From 8e49959df2bd5cc8991bc92c732d2378c1927e4f Mon Sep 17 00:00:00 2001
From: Banit Agrawal <bagrawal@fb.com>
Date: Wed, 4 Oct 2023 19:52:15 -0700
Subject: [PATCH] [CUDA Host Allocator] Add support of CudaHostRegister
 (#108488)

Summary:

This diff adds another option to create cuda pinned memory using cudaHostRegister to avoid large lock wait time with cudaHostAlloc.

Differential Revision: D45843715
---
 aten/src/ATen/cuda/CachingHostAllocator.cpp | 98 ++++++++++++++++++++-
 c10/cuda/CUDAAllocatorConfig.cpp            | 50 ++++++++++-
 c10/cuda/CUDAAllocatorConfig.h              | 26 +++++-
 docs/source/notes/cuda.rst                  | 12 +++
 test/test_cuda.py                           |  7 ++
 torch/utils/hipify/cuda_to_hip_mappings.py  |  1 +
 6 files changed, 188 insertions(+), 6 deletions(-)

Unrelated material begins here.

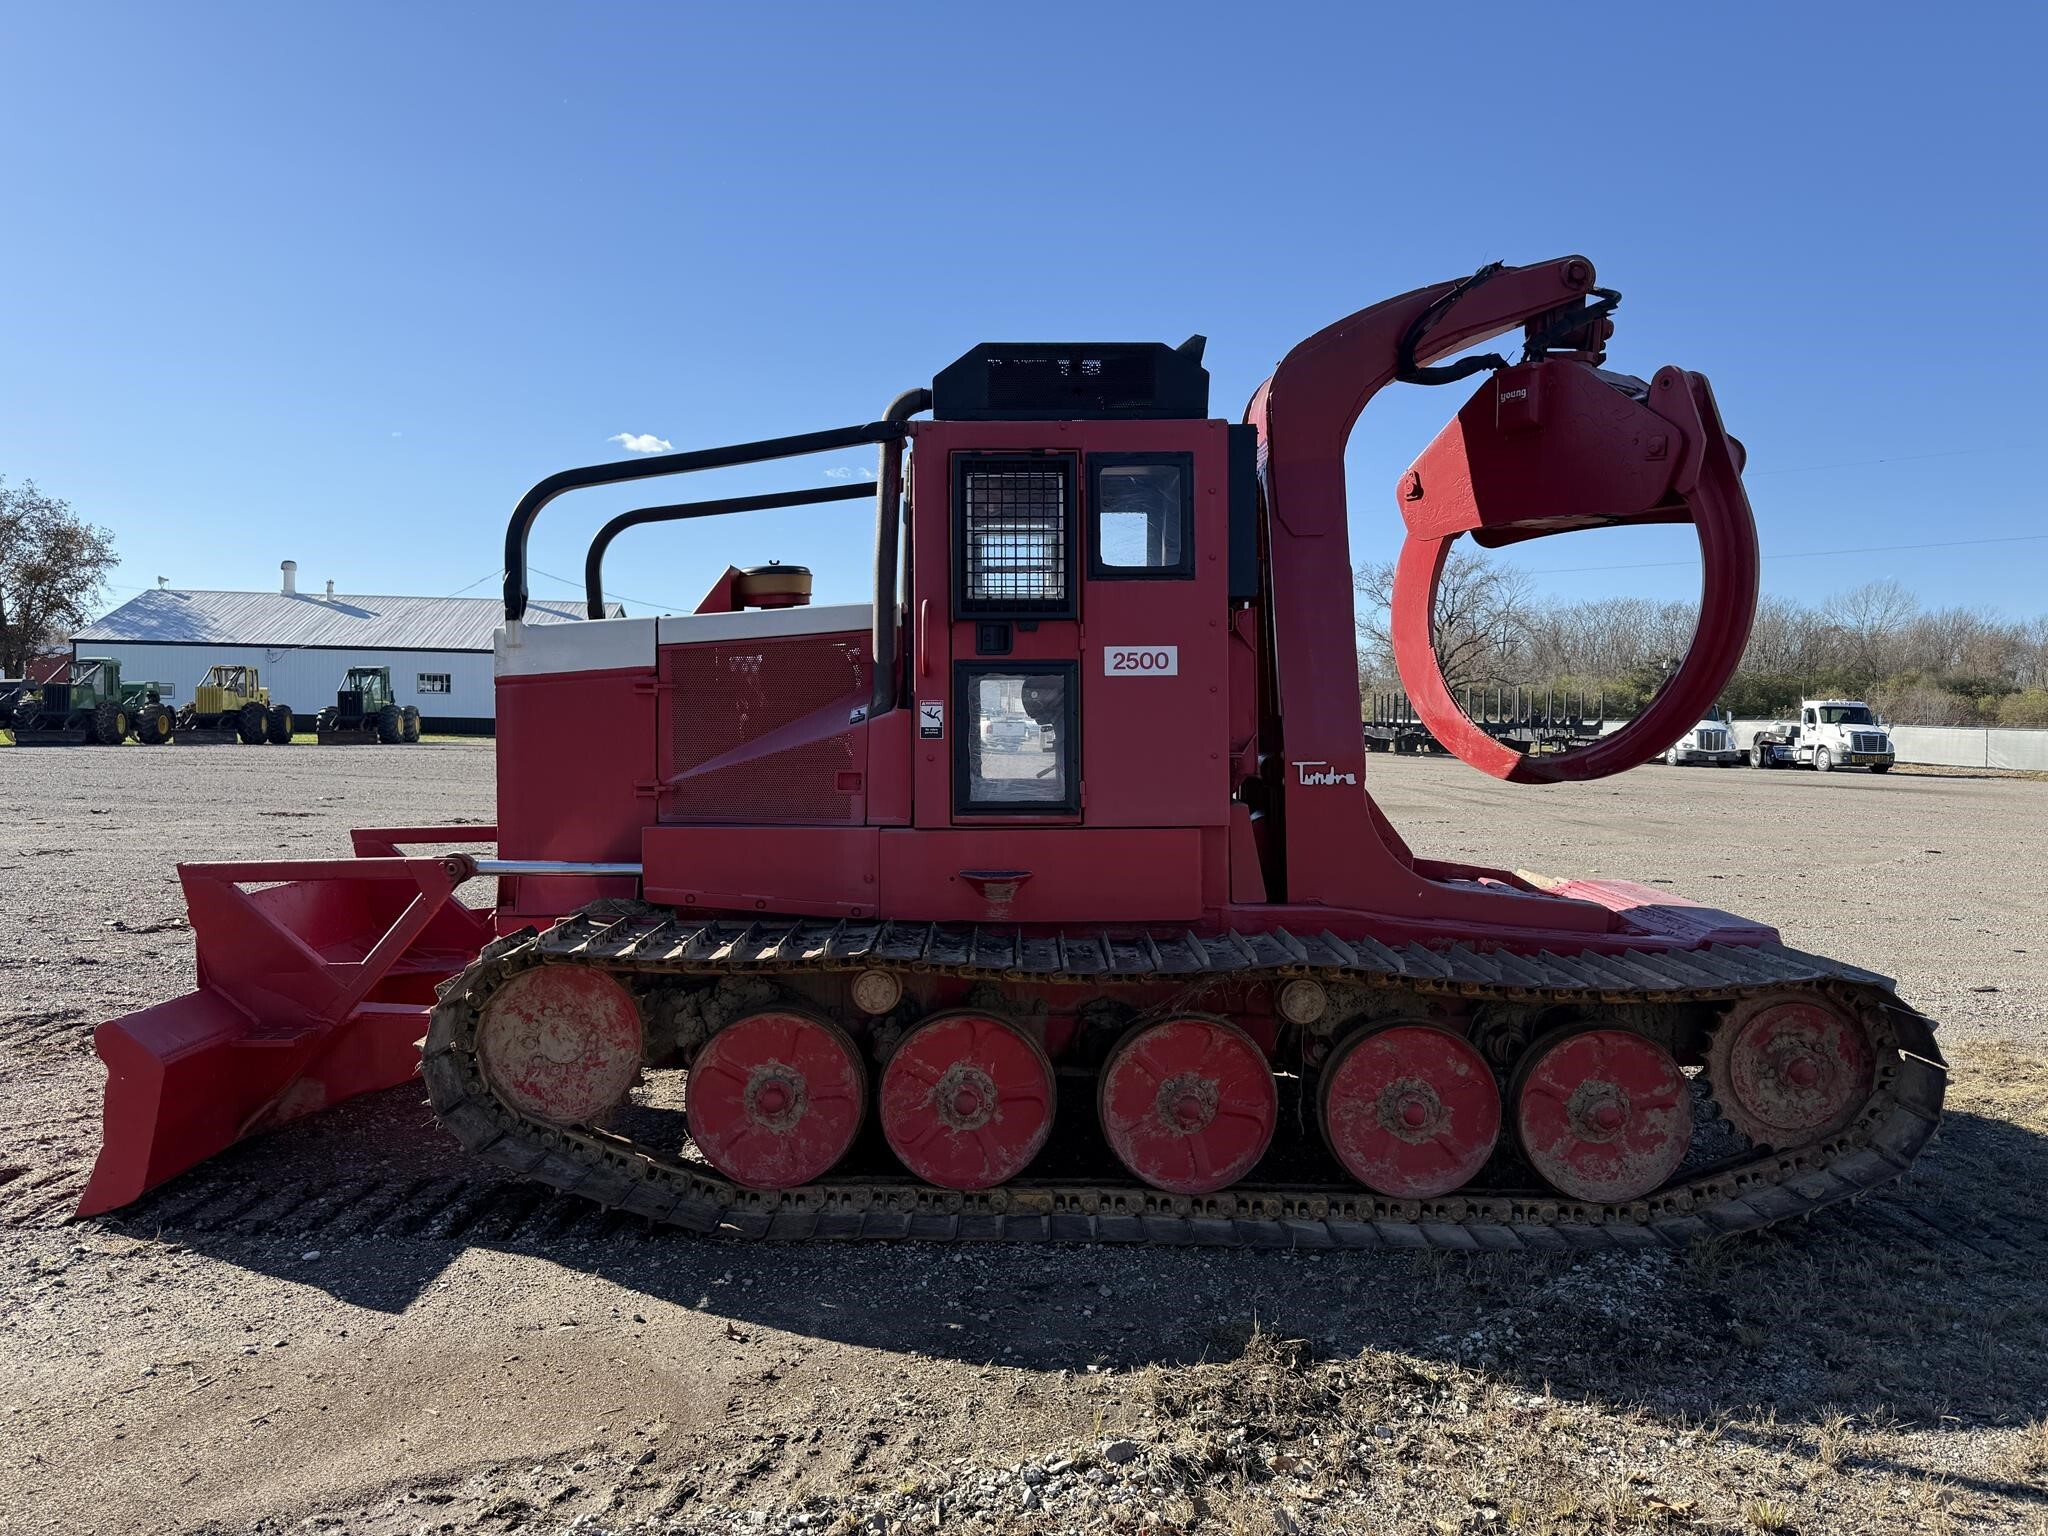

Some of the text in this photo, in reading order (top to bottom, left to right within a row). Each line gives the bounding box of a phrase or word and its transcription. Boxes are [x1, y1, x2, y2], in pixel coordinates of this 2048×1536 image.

diff --git a/aten/src/ATen/cuda/CachingHostAllocator.cpp b/aten/src/ATen/cuda/CachingHostAllocator.cpp
index a6646779cfbec..36531b6412771 100644
--- a/aten/src/ATen/cuda/CachingHostAllocator.cpp
+++ b/aten/src/ATen/cuda/CachingHostAllocator.cpp
@@ -4,6 +4,8 @@
 #include <ATen/cuda/CUDAEvent.h>
 #include <ATen/cuda/detail/CUDAHooks.h>
 #include <ATen/detail/CUDAHooksInterface.h>
+#include <c10/core/thread_pool.h>
+#include <c10/cuda/CUDAAllocatorConfig.h>
 
 #include <cuda_runtime_api.h>
 #include <stdint.h>
@@ -174,11 +176,18 @@ class CUDAHostAllocator {
     }
 
     // Round up the allocation to the nearest power of two to improve reuse.

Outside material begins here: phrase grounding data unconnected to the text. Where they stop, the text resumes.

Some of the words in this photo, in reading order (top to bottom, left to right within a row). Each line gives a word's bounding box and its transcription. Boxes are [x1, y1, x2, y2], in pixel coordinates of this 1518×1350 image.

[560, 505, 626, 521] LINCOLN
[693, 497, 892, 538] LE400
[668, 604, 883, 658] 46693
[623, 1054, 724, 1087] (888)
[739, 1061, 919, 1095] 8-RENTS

+    size_t roundSize = c10::llvm::PowerOf2Ceil(size);
     void* ptr = nullptr;
-    C10_CUDA_CHECK(cudaHostAlloc(
-        &ptr, c10::llvm::PowerOf2Ceil(size), cudaHostAllocDefault));
+    if (c10::cuda::CUDACachingAllocator::CUDAAllocatorConfig::
+            pinned_use_cuda_host_register()) {
+      allocWithCudaHostRegister(&ptr, roundSize);
+    } else {
+      // Use cudaHostAlloc for allocating pinned memory (global lock in driver)

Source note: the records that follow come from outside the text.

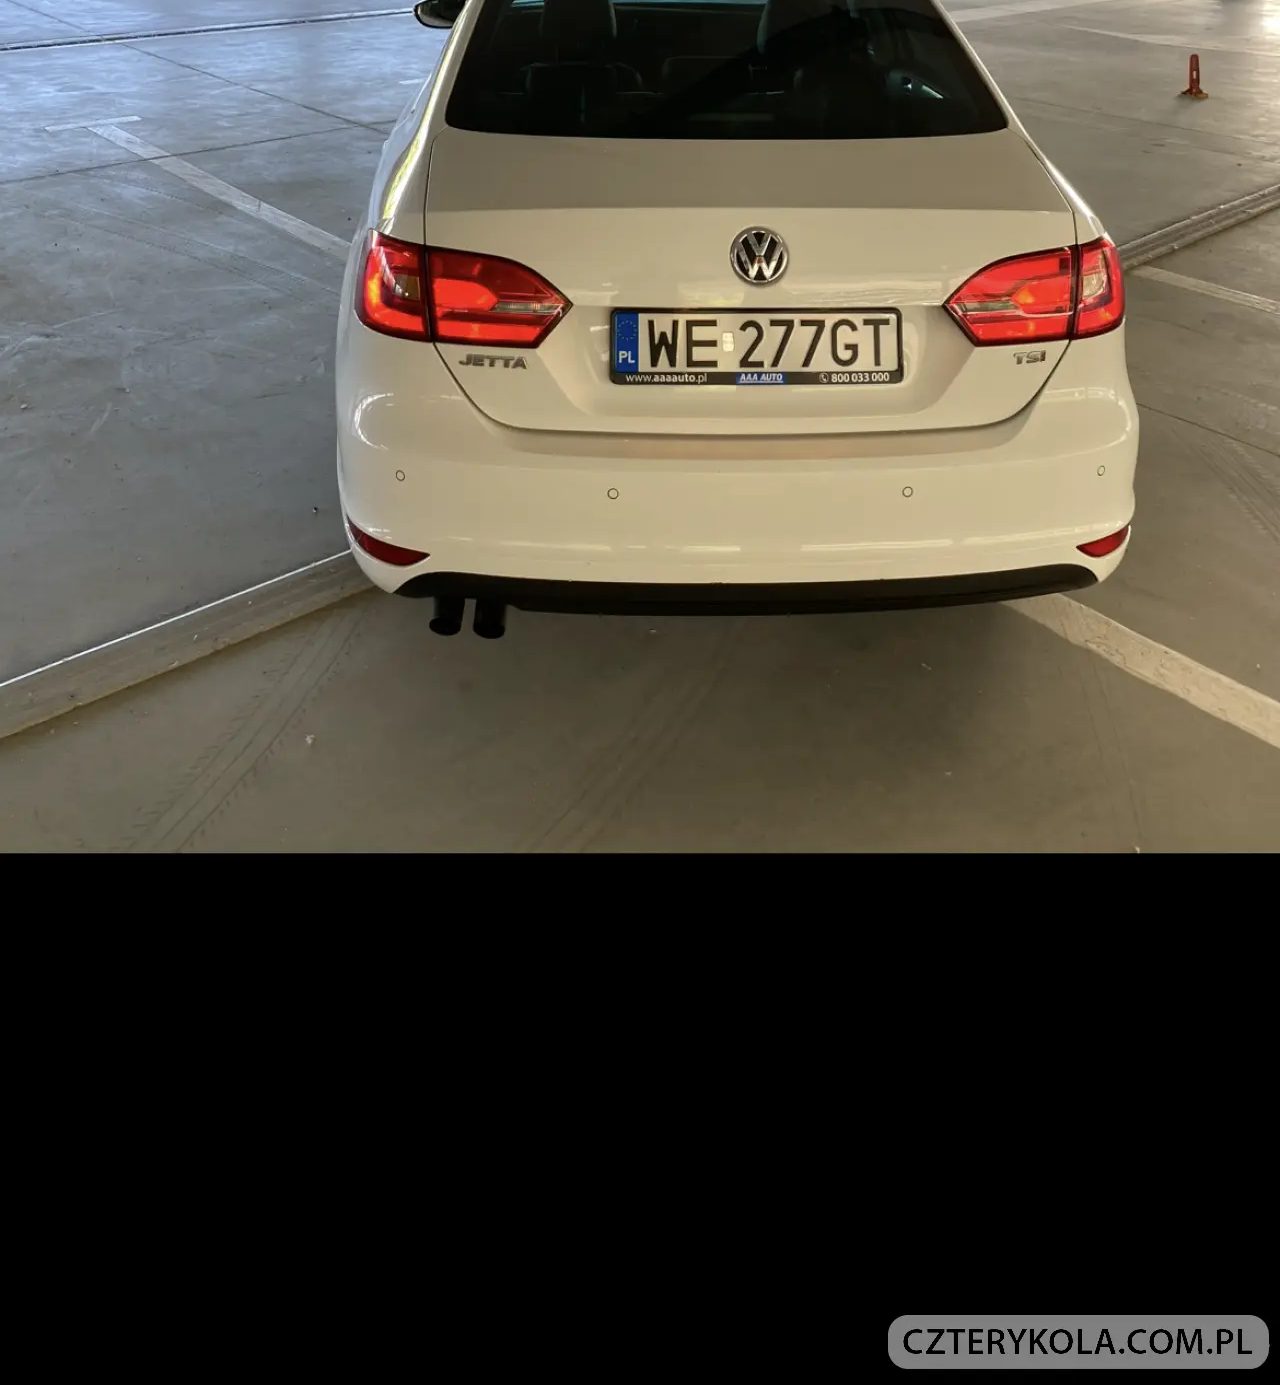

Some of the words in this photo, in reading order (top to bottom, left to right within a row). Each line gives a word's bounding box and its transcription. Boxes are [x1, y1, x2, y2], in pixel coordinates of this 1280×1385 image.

[647, 319, 718, 368] WE
[739, 318, 890, 368] 277GT
[459, 353, 527, 369] JETTA
[618, 350, 636, 364] PL
[1013, 350, 1046, 365] TSI
[625, 372, 708, 384] www.aaaauto.pl
[739, 373, 758, 383] AAA
[760, 373, 783, 383] AUTO
[831, 373, 849, 383] 800
[851, 373, 870, 383] 033
[871, 373, 890, 382] 000

+      C10_CUDA_CHECK(cudaHostAlloc(&ptr, roundSize, cudaHostAllocDefault));
+    }
+
     auto block = new Block();
-    block->size_ = c10::llvm::PowerOf2Ceil(size);
+    block->size_ = roundSize;
     block->ptr_ = ptr;
     block->allocated_ = true;
 
@@ -279,7 +288,14 @@ class CUDAHostAllocator {
     for (auto* block : blocks_to_remove) {
       blocks_.erase(block);
       ptr_to_block_.erase(block->ptr_);
-      AT_CUDA_CHECK(cudaFreeHost(block->ptr_));
+      if (c10::cuda::CUDACachingAllocator::CUDAAllocatorConfig::
+              pinned_use_cuda_host_register()) {
+        void* ptr = block->ptr_;
+        AT_CUDA_CHECK(cudaHostUnregister(ptr));
+        free(ptr);
+      } else {
+        AT_CUDA_CHECK(cudaFreeHost(block->ptr_));
+      }
       delete block;
     }
   }
@@ -343,6 +359,80 @@ class CUDAHostAllocator {
     }
   }
 
+  TaskThreadPool* getThreadPool() {
+    static TaskThreadPool* pool = new TaskThreadPool(
+        c10::cuda::CUDACachingAllocator::CUDAAllocatorConfig::
+            pinned_max_register_threads());
+    return pool;
+  }
+
+  void mapPagesForRegister(
+      const void* ptr,
+      size_t size,
+      size_t i,
+      size_t numThreads,
+      size_t pageSize) {
+    uintptr_t start = (uintptr_t)ptr + (size * i / numThreads);
+    uintptr_t end = (uintptr_t)start + (size / numThreads);
+    if (i == (numThreads - 1)) {
+      end = (uintptr_t)ptr + size;
+    }
+
+    // pre-fault/map the pages by setting the first byte of the page
+    uintptr_t alignedStart =
+        (((uintptr_t)start + pageSize - 1) & ~(pageSize - 1));
+    for (uintptr_t p = alignedStart; p < ((uintptr_t)end); p += pageSize) {
+      memset((void*)p, 0, 1);
+    }
+  }
+
+  void registerPages(const void* ptr, size_t size) {
+    AT_CUDA_CHECK(
+        cudaHostRegister((void*)ptr, (size_t)size, cudaHostRegisterDefault));
+
+    // If host and device pointer don't match, give a warning and exit
+    void* devptr;
+    AT_CUDA_CHECK(cudaHostGetDevicePointer(&devptr, (void*)ptr, 0));
+    TORCH_CHECK(
+        (void*)devptr == (void*)ptr,
+        "Host and device pointer dont match with cudaHostRegister. "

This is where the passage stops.